┌─ RECORDED DATA

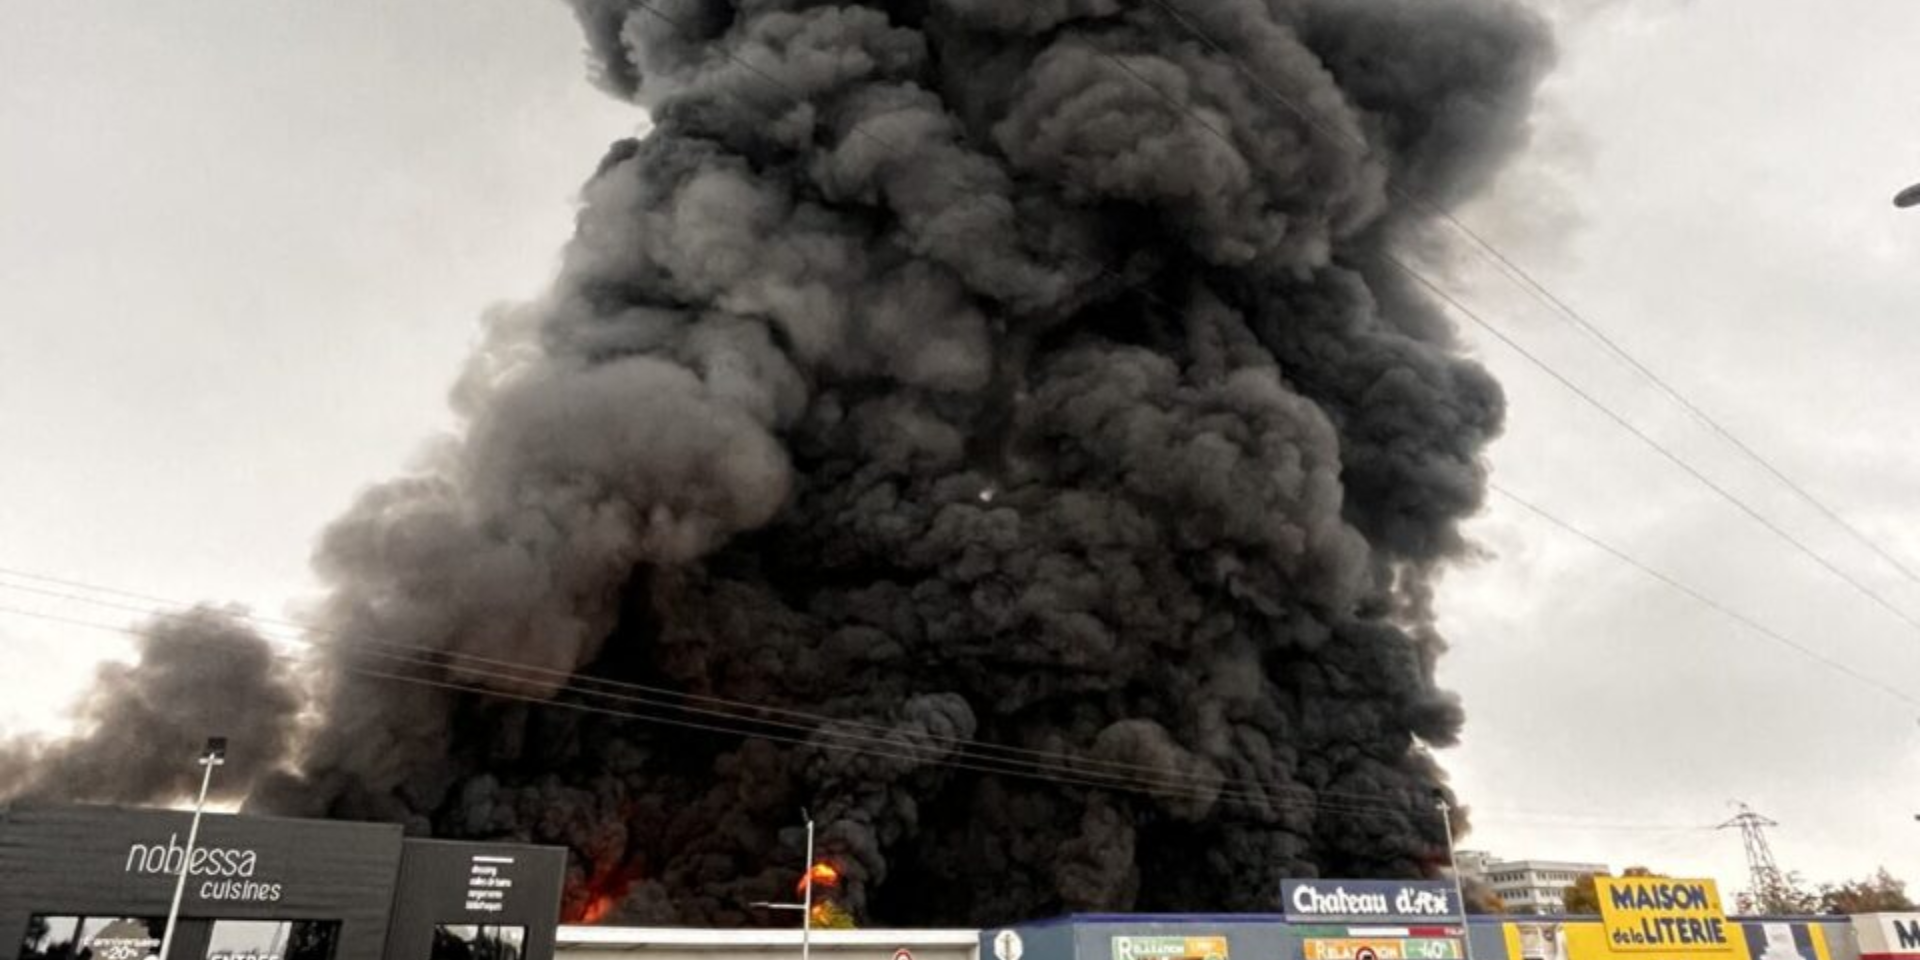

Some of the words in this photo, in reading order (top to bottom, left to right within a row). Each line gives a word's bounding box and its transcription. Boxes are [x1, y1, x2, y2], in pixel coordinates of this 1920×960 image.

[126, 832, 257, 877] nobessa
[200, 880, 282, 901] cuisines
[1293, 884, 1388, 914] Chateau
[1609, 884, 1708, 910] MAISON
[1641, 917, 1727, 943] LITERIE
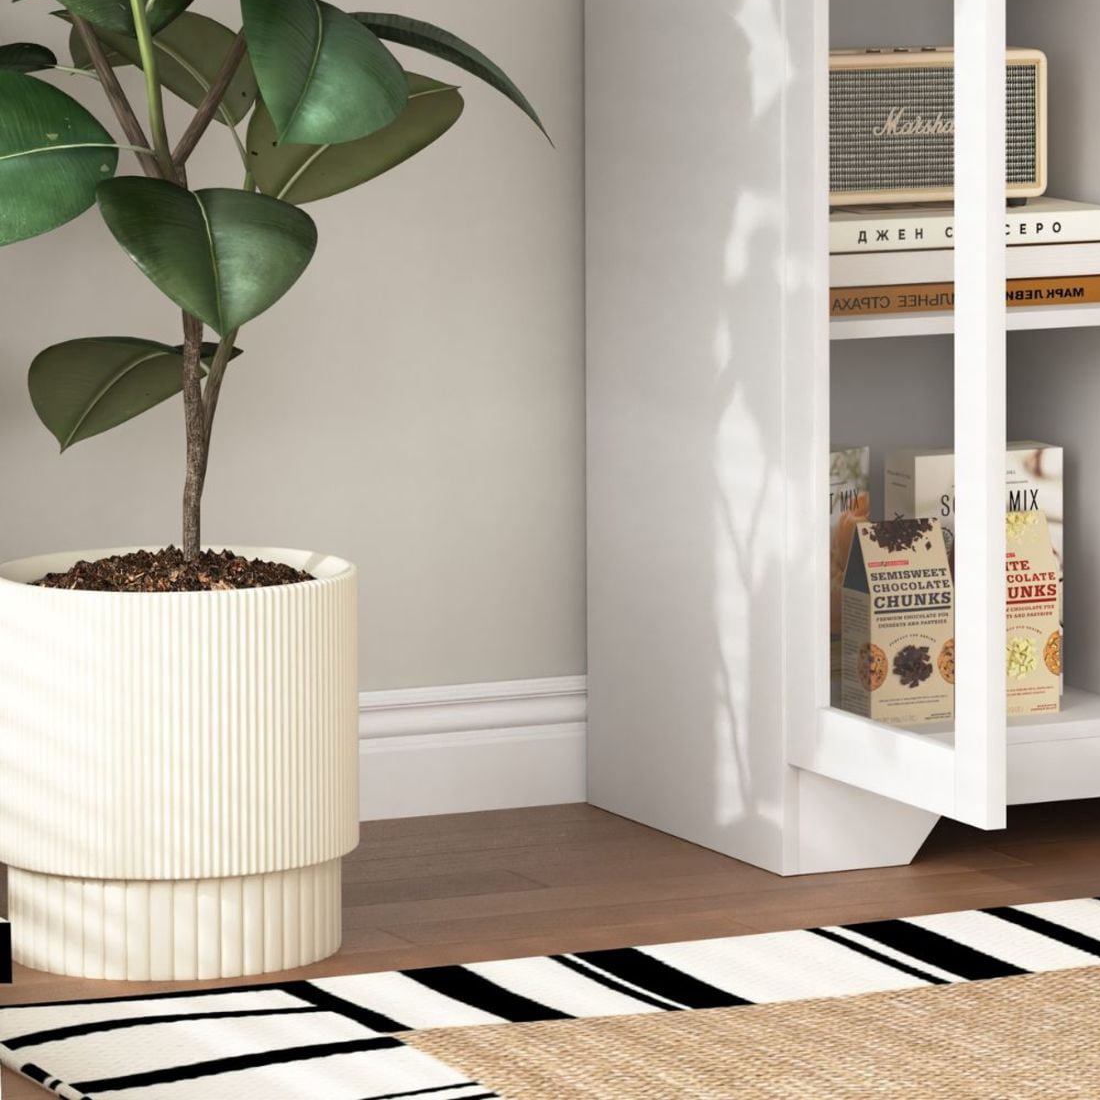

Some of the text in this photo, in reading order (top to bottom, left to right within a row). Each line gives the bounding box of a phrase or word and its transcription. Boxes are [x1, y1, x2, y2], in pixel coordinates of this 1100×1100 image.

[857, 228, 924, 244] ДЖЕН
[840, 488, 860, 511] MIX
[1009, 488, 1039, 512] MIX
[870, 567, 947, 581] SEMISWEET
[872, 579, 950, 593] CHOCOLATE
[874, 591, 951, 609] CHUNKS
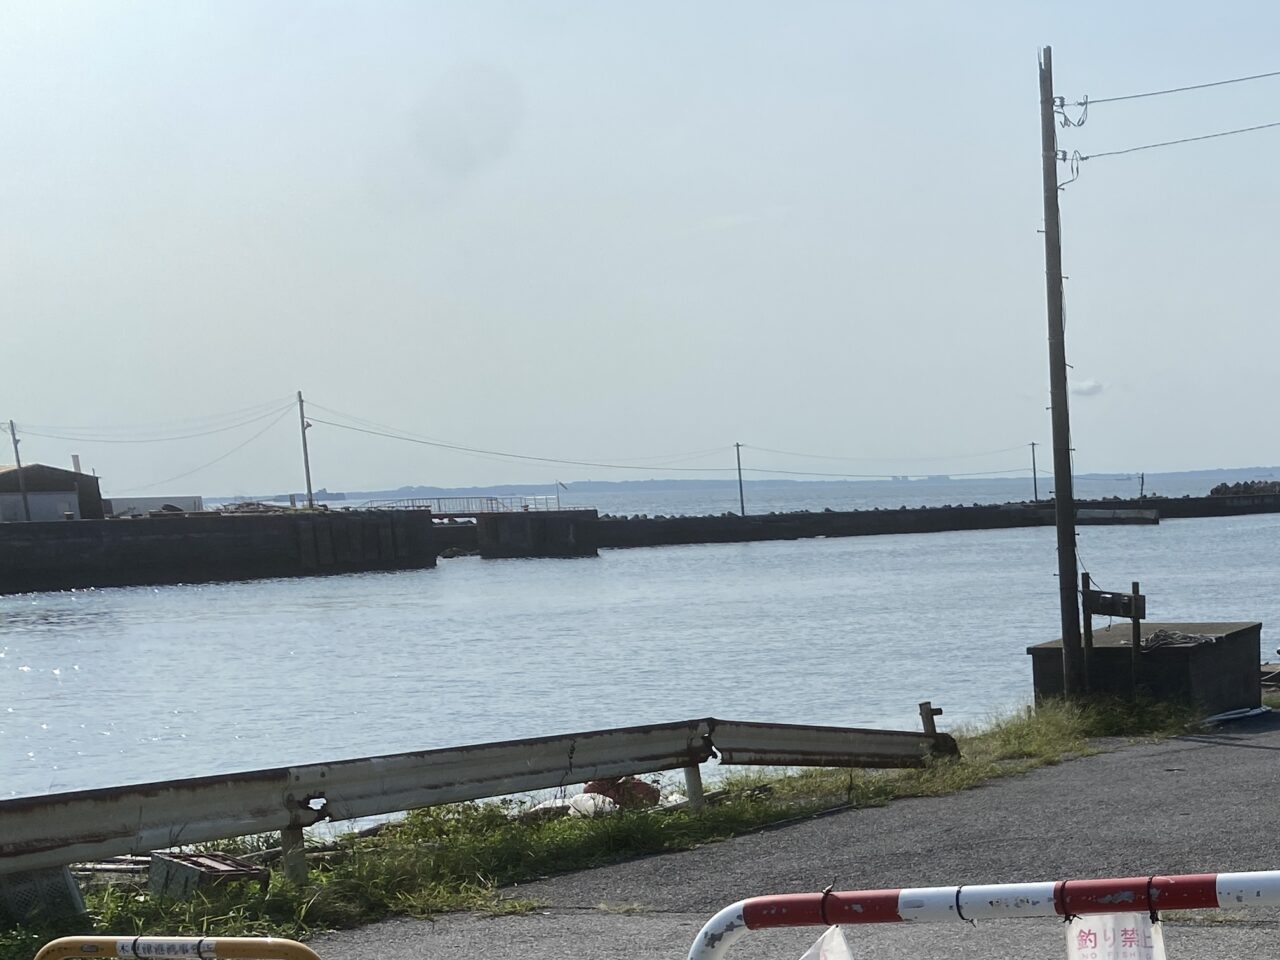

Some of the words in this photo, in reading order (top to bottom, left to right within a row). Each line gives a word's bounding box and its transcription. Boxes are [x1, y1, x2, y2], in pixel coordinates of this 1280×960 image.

[1077, 928, 1154, 950] 釣り禁止
[1081, 952, 1098, 960] NO

└─

● **TASK STATEMENT**: Your answer should be a precise transcript of the entries, minus the pictures.

● **EXERCISE RESPONSE**:
Some of the words in this photo, in reading order (top to bottom, left to right within a row). Each line gives a word's bounding box and its transcription. Boxes are [x1, y1, x2, y2], in pixel coordinates of this 1920×960 image.

[126, 832, 257, 877] nobessa
[200, 880, 282, 901] cuisines
[1293, 884, 1388, 914] Chateau
[1609, 884, 1708, 910] MAISON
[1641, 917, 1727, 943] LITERIE

Some of the text in this photo, in reading order (top to bottom, left to right within a row). Each line gives the bounding box of a phrase or word and its transcription. Boxes are [x1, y1, x2, y2], in pixel coordinates of this 1100×1100 image.

[857, 228, 924, 244] ДЖЕН
[840, 488, 860, 511] MIX
[1009, 488, 1039, 512] MIX
[870, 567, 947, 581] SEMISWEET
[872, 579, 950, 593] CHOCOLATE
[874, 591, 951, 609] CHUNKS

Some of the words in this photo, in reading order (top to bottom, left to right within a row). Each line gives a word's bounding box and its transcription. Boxes are [x1, y1, x2, y2], in pixel coordinates of this 1280×960 image.

[1077, 928, 1154, 950] 釣り禁止
[1081, 952, 1098, 960] NO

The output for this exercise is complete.